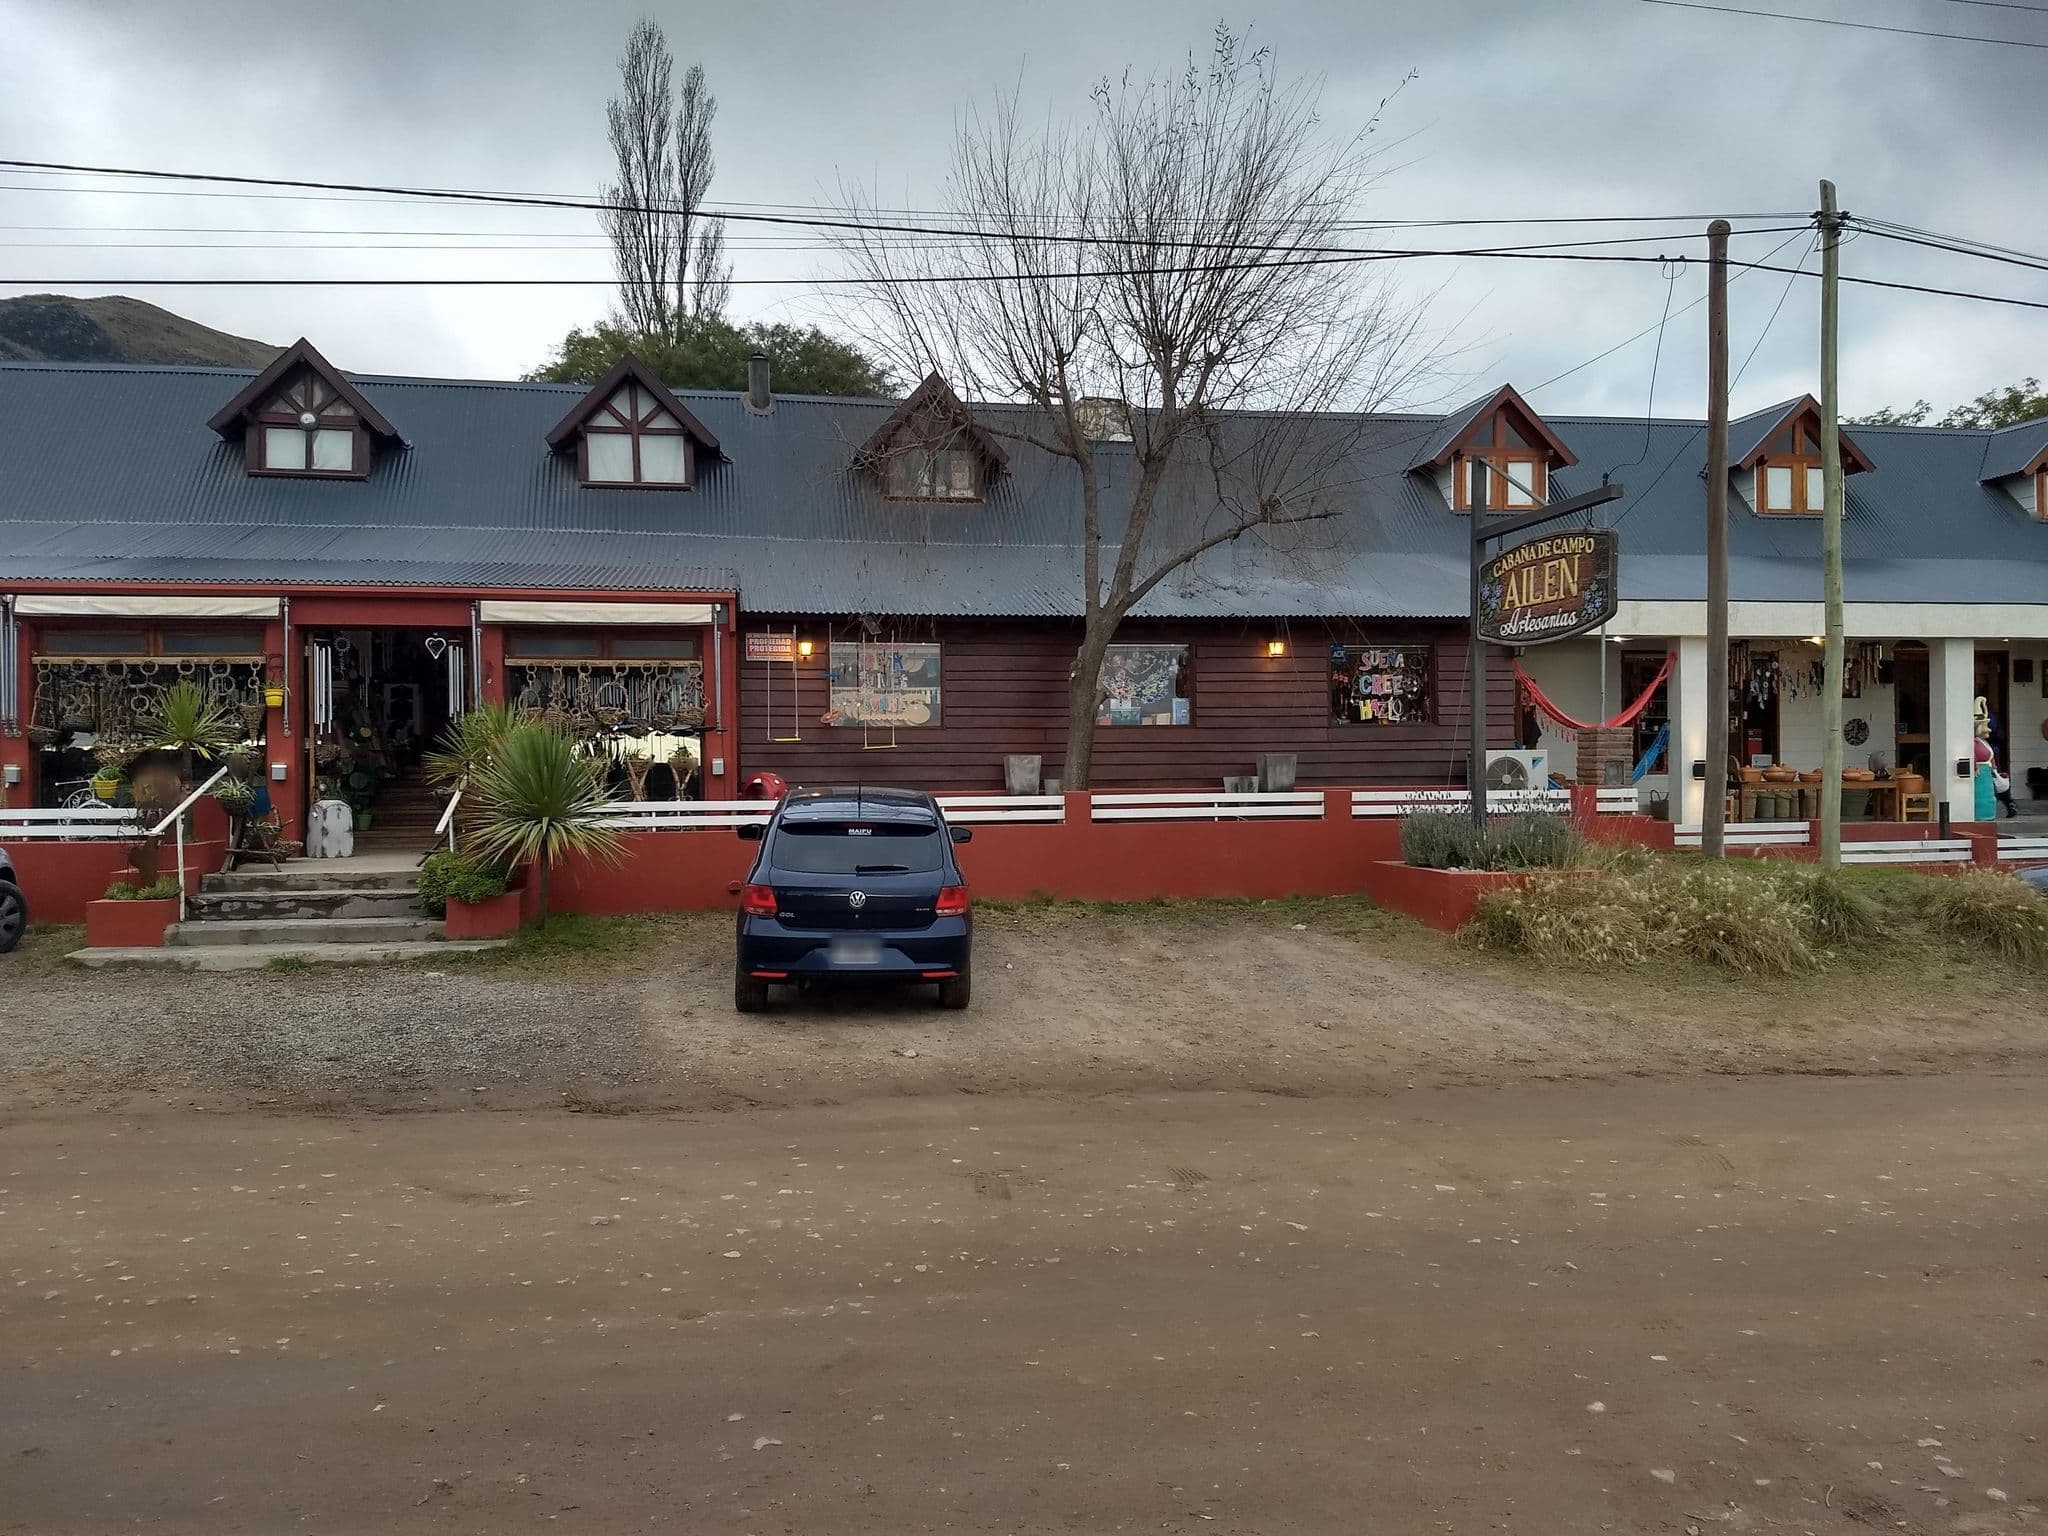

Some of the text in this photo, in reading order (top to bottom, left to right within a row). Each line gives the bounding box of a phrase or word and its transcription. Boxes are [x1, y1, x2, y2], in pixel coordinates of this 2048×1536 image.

[1493, 536, 1595, 578] CABAÑA DE CAMPO
[1502, 554, 1580, 611] AILEN
[1359, 674, 1404, 697] CREE
[1359, 697, 1403, 721] HAZLO

# [To do]
Drop every picture, then write out the remaining entries above exactly as they appear.

# [Exercise output]
Some of the text in this photo, in reading order (top to bottom, left to right within a row). Each line gives the bounding box of a phrase or word and its transcription. Boxes are [x1, y1, x2, y2], in pixel coordinates of this 2048×1536 image.

[1493, 536, 1595, 578] CABAÑA DE CAMPO
[1502, 554, 1580, 611] AILEN
[1359, 674, 1404, 697] CREE
[1359, 697, 1403, 721] HAZLO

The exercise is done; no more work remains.